Step-by-step solution

Calculate Nuclear Mass

For each isotope, the nuclear mass (M) can be calculated using the atomic mass number (A) and the atomic mass units (amu) provided. For Nitrogen-14: M = 13.999234 amu For Titanium-48: M = 47.935878 amu For Xenon-129: M = 128.904779 amu

Calculate Nuclear Binding Energy

First, let's find the mass defect (∆m) for each isotope, using the atomic mass number (A) and the mass of protons and neutrons: Nitrogen-14: Finding mass defect (∆m): Number of protons = 7 Number of neutrons = 7 mass of proton = 1.007276 amu mass of neutron = 1.008665 amu ∆m = 7*(1.007276 amu) + 7*(1.008665 amu) - 13.999234 amu ∆m = 0.136332 amu Binding energy (BE) = ∆m * c² Using \(c = 931.5\frac{MeV}{c². amu}\) BE = 0.136332 amu * 931.5 MeV/c².amu = 127.0 MeV Titanium-48: Finding mass defect (∆m): Number of protons = 22 Number of neutrons = 26 ∆m = 22*(1.007276 amu) + 26*(1.008665 amu) - 47.935878 amu ∆m = 0.348219 amu Binding energy (BE) = ∆m * c² BE = 0.348219 amu * 931.5 MeV/c².amu = 324.3 MeV Xenon-129: Finding mass defect (∆m): Number of protons = 54 Number of neutrons = 75 ∆m = 54*(1.007276 amu) + 75*(1.008665 amu) - 128.904779 amu ∆m = 0.809360 amu Binding energy (BE) = ∆m * c² BE = 0.809360 amu * 931.5 MeV/c².amu = 754.3 MeV

Calculate Nuclear Binding Energy per Nucleon

Now, we can calculate the nuclear binding energy per nucleon by dividing the total nuclear binding energy by the atomic mass number (A). For Nitrogen-14: Nuclear binding energy per nucleon = \(\frac{127.0\, MeV}{14}\) = 9.07 MeV/Nucleon For Titanium-48: Nuclear binding energy per nucleon = \(\frac{324.3\, MeV}{48}\) = 6.76 MeV/Nucleon For Xenon-129: Nuclear binding energy per nucleon = \(\frac{754.3\, MeV}{129}\) = 5.85 MeV/Nucleon

Key concepts

Nuclear Mass

Understanding nuclear mass is crucial to grasp many aspects of nuclear physics. The nuclear mass refers to the total mass of the protons and neutrons (nucleons) within an atom's nucleus. Normally, we approximate the mass of protons and neutrons as 1 atomic mass unit (amu) each. However, this is not entirely accurate because protons and neutrons themselves are made up of quarks and gluons, whose interactions also contribute to the total nuclear mass.
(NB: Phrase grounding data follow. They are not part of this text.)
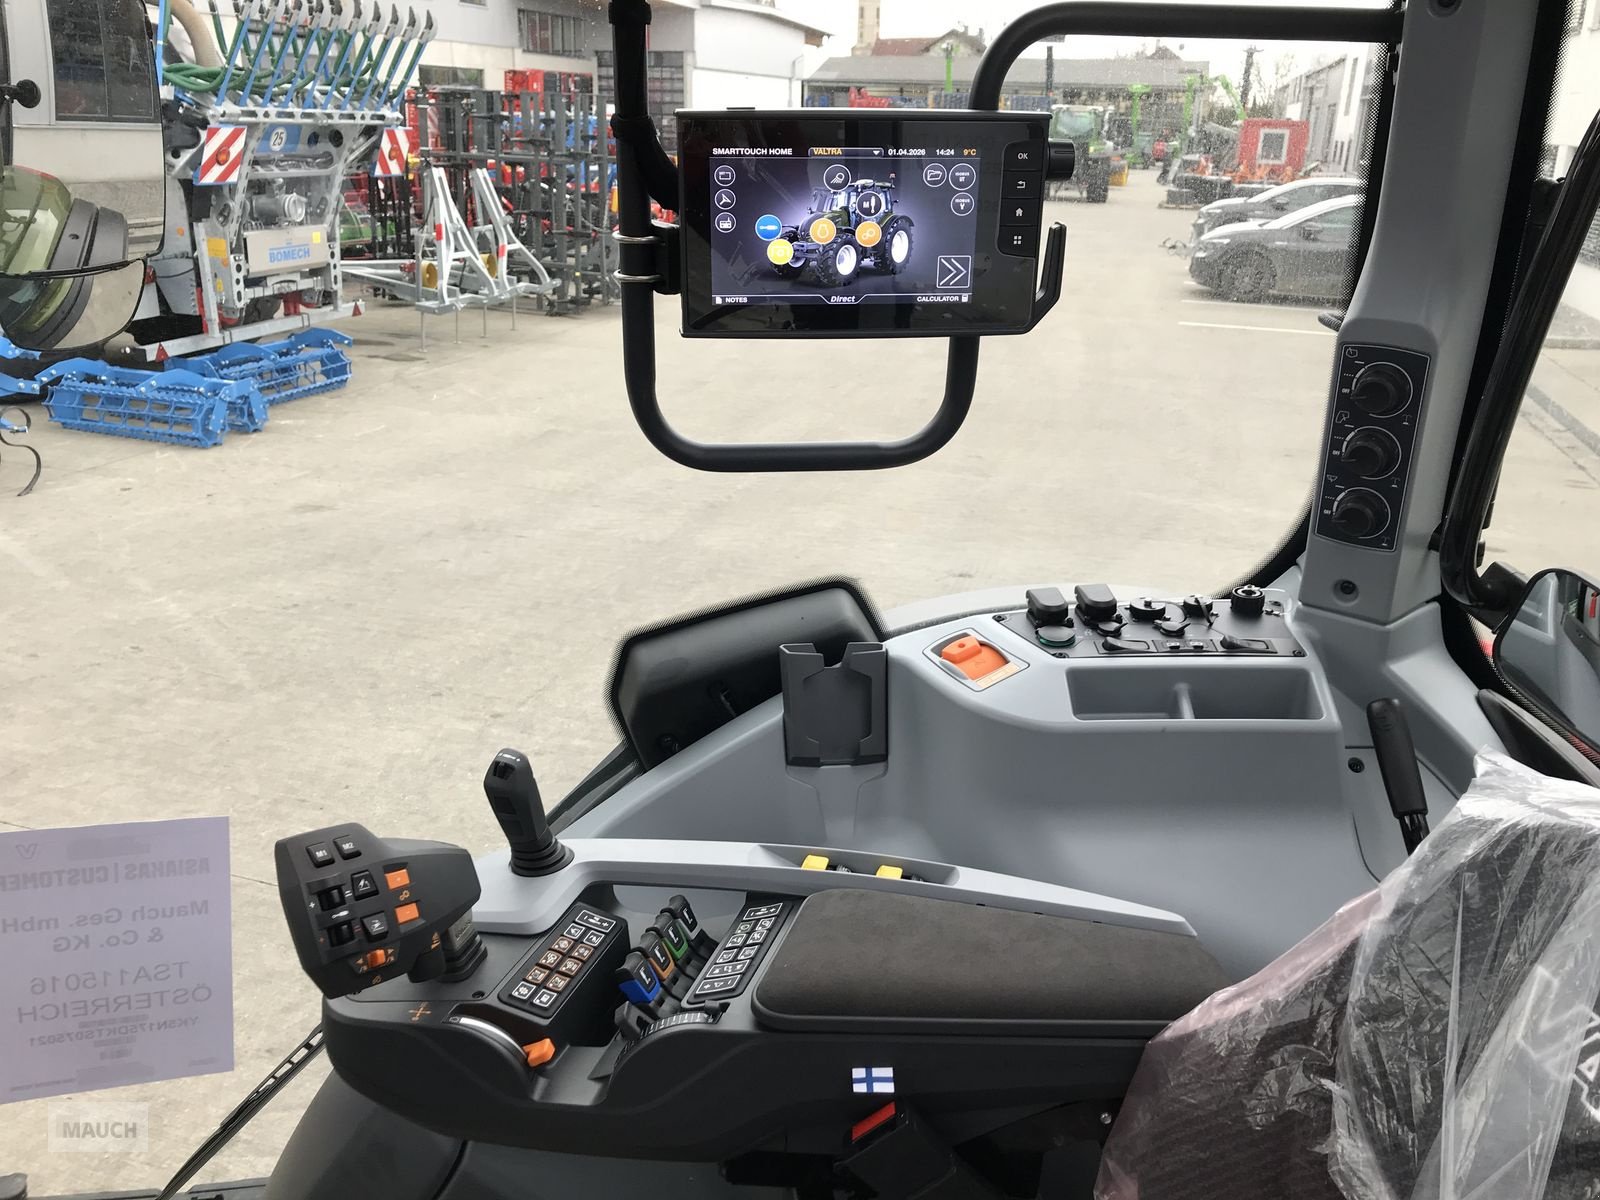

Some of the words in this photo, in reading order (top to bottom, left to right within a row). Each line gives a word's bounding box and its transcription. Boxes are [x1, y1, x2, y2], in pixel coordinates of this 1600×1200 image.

[272, 132, 284, 146] 25
[887, 148, 926, 156] 01.04.2026
[935, 148, 955, 156] 14:24
[1017, 152, 1029, 160] OK
[269, 248, 310, 263] BOMECH
[342, 842, 354, 850] M2
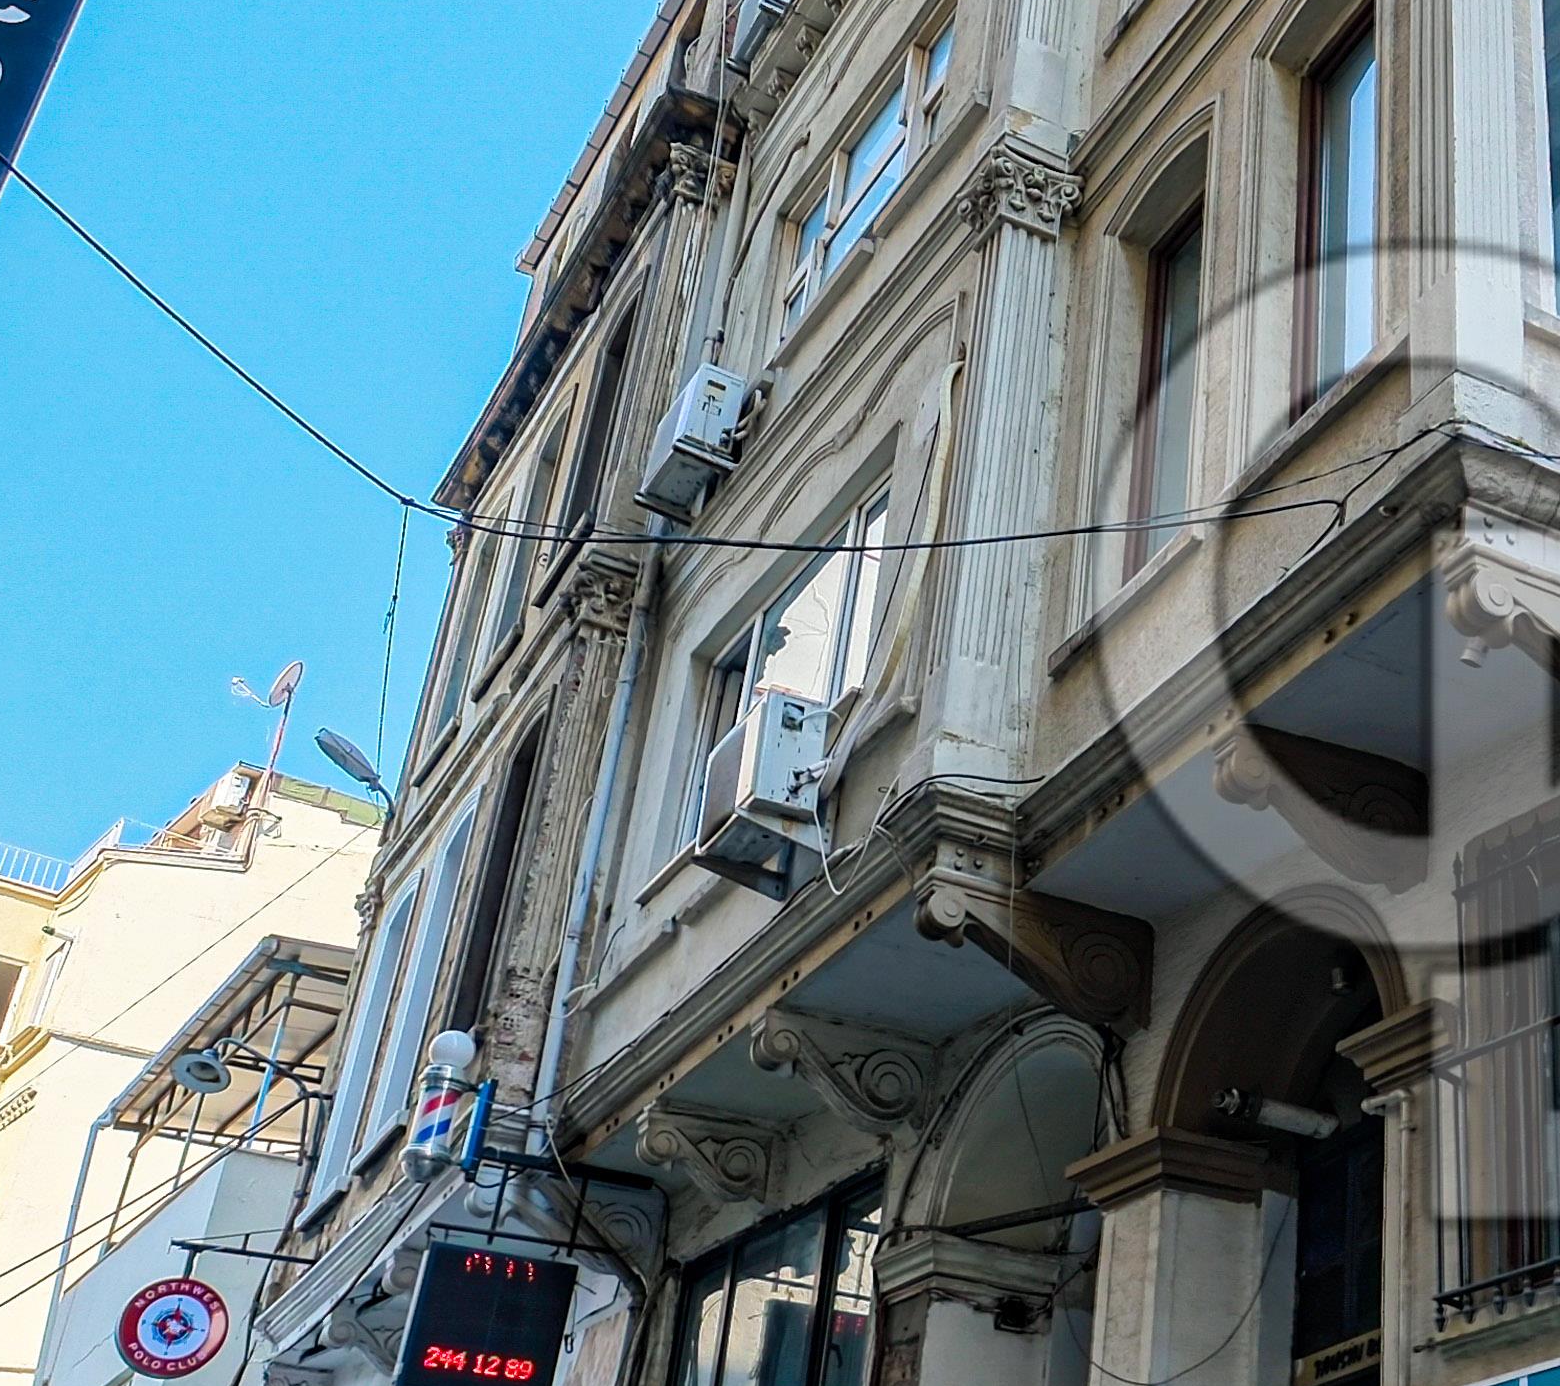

To calculate nuclear mass, as in our exercise, we simply take the sum of the protons' mass and neutrons' mass and compare it with the mass of the atom as given on the periodic table (or here as part of the problem statement). This concept is essential not only in pure physics but also has implications in other areas like nuclear medicine and energy generation.

Mass Defect

Now, let's delve into the concept of mass defect. Mass defect is the difference between the expected mass of the nucleus (if protons and neutrons were added together without any binding energy) and its actual mass. If we were to sum the individual masses of protons and neutrons in a nucleus and then subtract the actual nuclear mass, we would detect a small amount of mass missing. This missing mass is what we call the mass defect.

It's intriguing to note that this 'defect' doesn’t mean something is wrong; rather, it is a consequence of energy release when nucleons bind together. This is illustrated by Albert Einstein’s famous equation, E=mc², which tells us that this 'missing' mass has been converted into binding energy that holds the nucleus together. Instantly solving this part of the puzzle helps us understand why nuclei are stable and what makes them tick.

Binding Energy per Nucleon

Lastly, to complete our nuclear trilogy of concepts, there's the binding energy per nucleon. This is an average energy value typically used to represent the stability of a nucleus. To calculate this, take the nuclear binding energy (which is the energy derived from the mass defect) and divide it by the number of nucleons in the nucleus.

The resulting number tells us how strongly each nucleon is held in the nucleus. Generally, the higher the binding energy per nucleon, the more stable the nucleus. In our textbook example, we calculate this for various elements, noticing that the value differs from one element to another. This helps explain why some elements are more prone to undergo nuclear reactions than others, which is crucial for topics like nuclear fission and fusion, both of which play a role in energy production and cosmic events.